Wednesday, December 22, 2010

Another Breakfast Idea

This morning when I opened fridge door and saw some asparagus, Swiss cheese and eggs I saw a breakfast.
So simple and utterly delicious. I just peeled bottom half of asparagus stem, nuked it in wet paper towel for 1 minute and then wrapped in 3 thin slices of Swiss cheese and broiled in toaster oven till cheese melted. While this was going on I scrambled 2 eggs plus 2 egg whites that I had leftover from other meal, toasted and sliced English muffins, plated it (on preheated plate as usual, of course) garnished with a sliced tomato and bingo! Breakfast done in about 5 minutes.
Next time I’ll wrap the asparagus in cheese and then slice of ham. My first choice would be prosciutto but no prosciutto for sale in our town.


Anonymous said...

Late breakfast, a cold Sunday, a cozy fire... A great moment for comfort food.
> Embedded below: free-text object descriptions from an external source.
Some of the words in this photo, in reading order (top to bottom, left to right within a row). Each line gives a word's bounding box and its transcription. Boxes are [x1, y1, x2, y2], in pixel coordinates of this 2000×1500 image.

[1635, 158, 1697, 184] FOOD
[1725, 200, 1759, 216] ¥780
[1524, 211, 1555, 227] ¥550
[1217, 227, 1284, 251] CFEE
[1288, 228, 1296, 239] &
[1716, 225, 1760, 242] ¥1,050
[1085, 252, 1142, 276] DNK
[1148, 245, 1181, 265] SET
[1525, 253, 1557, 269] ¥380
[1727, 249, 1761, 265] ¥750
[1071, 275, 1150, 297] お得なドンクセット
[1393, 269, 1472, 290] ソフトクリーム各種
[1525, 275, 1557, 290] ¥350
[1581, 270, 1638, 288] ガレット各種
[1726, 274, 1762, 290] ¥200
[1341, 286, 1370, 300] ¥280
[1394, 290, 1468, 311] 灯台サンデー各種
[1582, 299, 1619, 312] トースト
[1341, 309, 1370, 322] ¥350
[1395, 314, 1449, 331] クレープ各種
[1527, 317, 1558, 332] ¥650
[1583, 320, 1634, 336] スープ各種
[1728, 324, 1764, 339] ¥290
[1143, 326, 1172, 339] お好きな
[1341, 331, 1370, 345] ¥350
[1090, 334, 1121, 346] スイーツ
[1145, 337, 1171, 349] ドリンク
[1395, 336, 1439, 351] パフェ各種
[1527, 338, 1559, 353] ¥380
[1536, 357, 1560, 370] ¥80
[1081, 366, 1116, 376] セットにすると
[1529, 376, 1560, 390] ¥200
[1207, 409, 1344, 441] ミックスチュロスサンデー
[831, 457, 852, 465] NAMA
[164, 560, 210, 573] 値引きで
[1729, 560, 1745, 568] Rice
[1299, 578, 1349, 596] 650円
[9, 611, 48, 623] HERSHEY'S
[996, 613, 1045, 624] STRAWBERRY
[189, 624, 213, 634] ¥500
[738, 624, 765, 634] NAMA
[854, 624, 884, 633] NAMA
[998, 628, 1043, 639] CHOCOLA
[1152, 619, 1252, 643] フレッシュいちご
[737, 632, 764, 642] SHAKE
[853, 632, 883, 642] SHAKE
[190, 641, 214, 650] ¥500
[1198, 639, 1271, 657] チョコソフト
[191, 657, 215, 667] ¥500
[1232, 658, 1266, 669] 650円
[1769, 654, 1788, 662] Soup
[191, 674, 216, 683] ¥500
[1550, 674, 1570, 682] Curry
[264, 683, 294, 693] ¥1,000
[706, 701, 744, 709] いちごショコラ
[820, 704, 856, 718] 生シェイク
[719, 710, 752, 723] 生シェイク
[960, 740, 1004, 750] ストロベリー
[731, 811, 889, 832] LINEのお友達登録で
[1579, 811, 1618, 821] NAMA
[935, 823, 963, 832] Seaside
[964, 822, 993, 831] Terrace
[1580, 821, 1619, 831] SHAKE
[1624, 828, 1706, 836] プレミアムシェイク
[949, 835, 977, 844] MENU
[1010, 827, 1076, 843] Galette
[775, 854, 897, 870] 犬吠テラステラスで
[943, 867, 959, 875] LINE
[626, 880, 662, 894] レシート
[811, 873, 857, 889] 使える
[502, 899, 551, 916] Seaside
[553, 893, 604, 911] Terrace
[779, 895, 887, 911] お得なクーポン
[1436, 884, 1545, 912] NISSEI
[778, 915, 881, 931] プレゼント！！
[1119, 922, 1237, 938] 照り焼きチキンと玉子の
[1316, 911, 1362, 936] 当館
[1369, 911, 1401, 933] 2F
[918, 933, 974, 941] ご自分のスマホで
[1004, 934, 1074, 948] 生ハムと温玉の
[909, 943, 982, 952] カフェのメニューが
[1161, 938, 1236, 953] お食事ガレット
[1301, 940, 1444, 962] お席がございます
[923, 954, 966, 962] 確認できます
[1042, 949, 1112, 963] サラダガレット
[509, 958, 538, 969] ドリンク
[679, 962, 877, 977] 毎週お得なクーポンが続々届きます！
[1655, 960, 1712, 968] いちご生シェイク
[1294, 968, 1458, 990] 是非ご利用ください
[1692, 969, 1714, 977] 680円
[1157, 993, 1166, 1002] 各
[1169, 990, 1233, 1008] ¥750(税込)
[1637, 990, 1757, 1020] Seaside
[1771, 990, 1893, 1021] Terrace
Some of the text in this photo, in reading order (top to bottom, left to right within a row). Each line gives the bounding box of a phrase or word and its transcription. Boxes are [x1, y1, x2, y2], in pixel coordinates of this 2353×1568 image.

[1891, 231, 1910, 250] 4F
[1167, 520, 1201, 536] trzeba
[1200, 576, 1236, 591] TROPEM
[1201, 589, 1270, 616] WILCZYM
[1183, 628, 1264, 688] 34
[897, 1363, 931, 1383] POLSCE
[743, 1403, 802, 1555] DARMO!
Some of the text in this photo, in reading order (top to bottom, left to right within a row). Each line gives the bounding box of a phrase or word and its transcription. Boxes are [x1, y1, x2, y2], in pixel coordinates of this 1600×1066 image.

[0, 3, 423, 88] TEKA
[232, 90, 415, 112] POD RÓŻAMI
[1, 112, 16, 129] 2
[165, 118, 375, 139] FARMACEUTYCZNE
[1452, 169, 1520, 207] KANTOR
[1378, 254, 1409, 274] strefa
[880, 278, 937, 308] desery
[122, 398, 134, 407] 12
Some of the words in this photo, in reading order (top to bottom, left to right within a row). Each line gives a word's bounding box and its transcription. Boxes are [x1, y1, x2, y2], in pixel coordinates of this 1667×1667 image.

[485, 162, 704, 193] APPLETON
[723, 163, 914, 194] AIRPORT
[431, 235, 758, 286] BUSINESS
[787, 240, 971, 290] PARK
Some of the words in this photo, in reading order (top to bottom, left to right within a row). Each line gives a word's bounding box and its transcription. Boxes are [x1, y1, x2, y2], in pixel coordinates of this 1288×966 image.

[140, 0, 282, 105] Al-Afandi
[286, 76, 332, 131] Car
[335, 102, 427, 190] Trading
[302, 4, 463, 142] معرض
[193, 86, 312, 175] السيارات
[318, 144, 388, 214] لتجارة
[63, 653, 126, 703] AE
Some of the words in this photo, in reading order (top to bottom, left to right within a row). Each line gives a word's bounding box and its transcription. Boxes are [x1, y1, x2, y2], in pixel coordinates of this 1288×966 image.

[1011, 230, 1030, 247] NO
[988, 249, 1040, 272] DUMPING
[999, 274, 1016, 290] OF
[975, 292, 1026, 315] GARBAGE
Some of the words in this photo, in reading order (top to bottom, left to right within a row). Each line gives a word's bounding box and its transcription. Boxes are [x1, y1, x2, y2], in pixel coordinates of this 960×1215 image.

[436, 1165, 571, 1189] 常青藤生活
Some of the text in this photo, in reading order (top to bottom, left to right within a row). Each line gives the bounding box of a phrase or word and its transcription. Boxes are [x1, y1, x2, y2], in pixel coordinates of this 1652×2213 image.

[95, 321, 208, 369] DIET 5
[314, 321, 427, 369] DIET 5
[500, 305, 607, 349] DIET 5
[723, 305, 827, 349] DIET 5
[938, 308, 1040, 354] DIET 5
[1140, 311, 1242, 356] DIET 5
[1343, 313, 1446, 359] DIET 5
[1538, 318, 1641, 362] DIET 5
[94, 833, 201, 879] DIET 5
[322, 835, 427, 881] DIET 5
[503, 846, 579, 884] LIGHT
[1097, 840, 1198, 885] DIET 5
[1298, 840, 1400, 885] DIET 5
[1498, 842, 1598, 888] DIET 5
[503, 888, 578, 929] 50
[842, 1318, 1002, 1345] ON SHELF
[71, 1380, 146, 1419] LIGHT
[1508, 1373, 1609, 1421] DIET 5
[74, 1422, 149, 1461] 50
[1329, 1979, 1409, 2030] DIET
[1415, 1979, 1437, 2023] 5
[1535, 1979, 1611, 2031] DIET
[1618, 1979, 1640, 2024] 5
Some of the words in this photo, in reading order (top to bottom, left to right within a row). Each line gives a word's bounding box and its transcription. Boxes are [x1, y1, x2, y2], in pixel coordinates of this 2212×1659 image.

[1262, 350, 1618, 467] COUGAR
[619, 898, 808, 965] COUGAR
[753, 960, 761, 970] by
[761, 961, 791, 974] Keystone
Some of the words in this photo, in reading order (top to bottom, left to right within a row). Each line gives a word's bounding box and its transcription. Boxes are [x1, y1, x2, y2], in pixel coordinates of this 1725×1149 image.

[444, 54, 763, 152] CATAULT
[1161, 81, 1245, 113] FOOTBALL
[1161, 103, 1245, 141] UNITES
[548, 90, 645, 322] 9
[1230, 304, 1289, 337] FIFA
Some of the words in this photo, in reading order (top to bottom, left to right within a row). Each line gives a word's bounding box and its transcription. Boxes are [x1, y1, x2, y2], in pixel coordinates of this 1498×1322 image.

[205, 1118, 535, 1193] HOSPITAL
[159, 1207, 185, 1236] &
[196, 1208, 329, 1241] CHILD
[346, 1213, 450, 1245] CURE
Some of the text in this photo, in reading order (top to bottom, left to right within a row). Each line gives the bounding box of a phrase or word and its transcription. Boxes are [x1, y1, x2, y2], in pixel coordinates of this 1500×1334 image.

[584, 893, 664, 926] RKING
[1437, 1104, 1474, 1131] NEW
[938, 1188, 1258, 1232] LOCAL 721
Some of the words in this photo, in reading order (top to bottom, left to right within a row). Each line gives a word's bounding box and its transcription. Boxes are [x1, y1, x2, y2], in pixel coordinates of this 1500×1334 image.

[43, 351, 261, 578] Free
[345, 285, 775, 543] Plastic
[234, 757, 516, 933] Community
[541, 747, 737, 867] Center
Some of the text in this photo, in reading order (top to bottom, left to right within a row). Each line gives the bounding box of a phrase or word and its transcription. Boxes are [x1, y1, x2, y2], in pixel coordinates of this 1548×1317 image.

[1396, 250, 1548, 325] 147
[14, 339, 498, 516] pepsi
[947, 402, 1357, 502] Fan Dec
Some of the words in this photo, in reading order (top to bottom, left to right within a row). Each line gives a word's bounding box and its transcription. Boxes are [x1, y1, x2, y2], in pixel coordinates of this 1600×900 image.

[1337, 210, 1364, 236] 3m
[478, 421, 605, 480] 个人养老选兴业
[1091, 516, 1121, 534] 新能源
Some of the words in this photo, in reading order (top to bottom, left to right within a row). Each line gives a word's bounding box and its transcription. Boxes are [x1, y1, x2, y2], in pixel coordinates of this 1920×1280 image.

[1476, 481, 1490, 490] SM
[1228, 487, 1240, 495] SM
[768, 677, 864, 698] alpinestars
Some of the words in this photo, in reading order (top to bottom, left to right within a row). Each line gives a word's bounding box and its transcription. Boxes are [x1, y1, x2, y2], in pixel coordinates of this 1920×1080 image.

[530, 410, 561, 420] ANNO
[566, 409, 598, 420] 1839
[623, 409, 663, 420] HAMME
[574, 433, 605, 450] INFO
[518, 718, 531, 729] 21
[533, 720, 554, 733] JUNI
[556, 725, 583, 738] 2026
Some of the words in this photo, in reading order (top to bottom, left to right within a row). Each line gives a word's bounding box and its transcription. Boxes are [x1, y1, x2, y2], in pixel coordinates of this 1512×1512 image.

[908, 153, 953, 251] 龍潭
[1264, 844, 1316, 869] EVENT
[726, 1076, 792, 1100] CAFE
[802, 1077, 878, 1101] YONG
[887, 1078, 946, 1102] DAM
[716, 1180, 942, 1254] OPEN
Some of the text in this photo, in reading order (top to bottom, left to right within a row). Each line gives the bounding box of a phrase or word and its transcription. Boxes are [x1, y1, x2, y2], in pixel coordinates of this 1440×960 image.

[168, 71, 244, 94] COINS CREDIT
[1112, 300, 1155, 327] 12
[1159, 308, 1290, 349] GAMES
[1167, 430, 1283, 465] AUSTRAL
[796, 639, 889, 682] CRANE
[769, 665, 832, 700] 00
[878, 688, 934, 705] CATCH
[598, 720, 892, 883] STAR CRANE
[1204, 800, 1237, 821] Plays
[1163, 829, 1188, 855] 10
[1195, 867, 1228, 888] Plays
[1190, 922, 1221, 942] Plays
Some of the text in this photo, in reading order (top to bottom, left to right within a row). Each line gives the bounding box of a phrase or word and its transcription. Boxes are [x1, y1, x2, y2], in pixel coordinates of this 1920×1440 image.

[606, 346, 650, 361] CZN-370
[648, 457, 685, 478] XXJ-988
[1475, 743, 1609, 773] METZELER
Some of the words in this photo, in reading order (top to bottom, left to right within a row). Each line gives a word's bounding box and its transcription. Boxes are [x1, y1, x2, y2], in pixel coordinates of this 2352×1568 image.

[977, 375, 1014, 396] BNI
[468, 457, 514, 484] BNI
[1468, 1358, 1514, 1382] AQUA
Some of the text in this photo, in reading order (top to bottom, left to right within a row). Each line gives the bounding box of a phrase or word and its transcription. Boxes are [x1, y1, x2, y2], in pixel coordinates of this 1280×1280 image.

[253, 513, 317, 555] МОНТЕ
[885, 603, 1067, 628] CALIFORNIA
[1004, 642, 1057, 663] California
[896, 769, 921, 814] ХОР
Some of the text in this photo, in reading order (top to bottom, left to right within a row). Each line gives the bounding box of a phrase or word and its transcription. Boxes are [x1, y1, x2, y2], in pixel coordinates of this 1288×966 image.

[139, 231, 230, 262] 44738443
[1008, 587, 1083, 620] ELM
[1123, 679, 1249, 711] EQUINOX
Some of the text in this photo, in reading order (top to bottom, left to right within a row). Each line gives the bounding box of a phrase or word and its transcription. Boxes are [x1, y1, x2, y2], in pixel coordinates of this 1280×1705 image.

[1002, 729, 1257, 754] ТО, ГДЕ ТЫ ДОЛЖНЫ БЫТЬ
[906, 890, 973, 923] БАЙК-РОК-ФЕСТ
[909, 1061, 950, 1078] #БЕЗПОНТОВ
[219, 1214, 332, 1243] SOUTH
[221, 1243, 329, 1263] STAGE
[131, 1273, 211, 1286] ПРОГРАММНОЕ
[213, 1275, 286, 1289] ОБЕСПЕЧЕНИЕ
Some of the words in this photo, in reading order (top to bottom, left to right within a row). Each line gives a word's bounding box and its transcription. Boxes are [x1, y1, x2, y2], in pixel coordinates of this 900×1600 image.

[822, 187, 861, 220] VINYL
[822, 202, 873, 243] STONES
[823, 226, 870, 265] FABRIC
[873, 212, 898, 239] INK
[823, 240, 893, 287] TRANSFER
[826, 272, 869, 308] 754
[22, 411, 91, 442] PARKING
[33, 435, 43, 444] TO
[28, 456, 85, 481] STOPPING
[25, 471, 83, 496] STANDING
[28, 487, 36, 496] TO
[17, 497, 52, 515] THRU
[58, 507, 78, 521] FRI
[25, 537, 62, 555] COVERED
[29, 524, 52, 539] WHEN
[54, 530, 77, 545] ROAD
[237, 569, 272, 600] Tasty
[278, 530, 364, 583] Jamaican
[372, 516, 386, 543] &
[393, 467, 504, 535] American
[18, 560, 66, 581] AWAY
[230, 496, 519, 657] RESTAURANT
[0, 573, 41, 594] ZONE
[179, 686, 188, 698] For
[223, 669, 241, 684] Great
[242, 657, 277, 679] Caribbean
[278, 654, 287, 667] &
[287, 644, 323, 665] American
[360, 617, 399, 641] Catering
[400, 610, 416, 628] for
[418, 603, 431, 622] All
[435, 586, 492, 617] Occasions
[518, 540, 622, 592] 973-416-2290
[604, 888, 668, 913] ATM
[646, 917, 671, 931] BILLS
When I am doing an omelette, I like to add to the eggs before cooking a blend of Dijon mustard, blue cheese (ideally 'Roche Noire' from Alexis de Portneuf!) and heavy cream that I mix in equal part with a fork until very smooth. It gives to the eggs a juicy sensation with a kick. Try it, you'll see. Eric Gagnon

Tillsonburgarian said...

I never thought of Dijon, thanks for great tip. This version had extra 2 egg whites and they made it very light, almost like a Soufflé.
I just love blue cheese but they are so bloody expensive!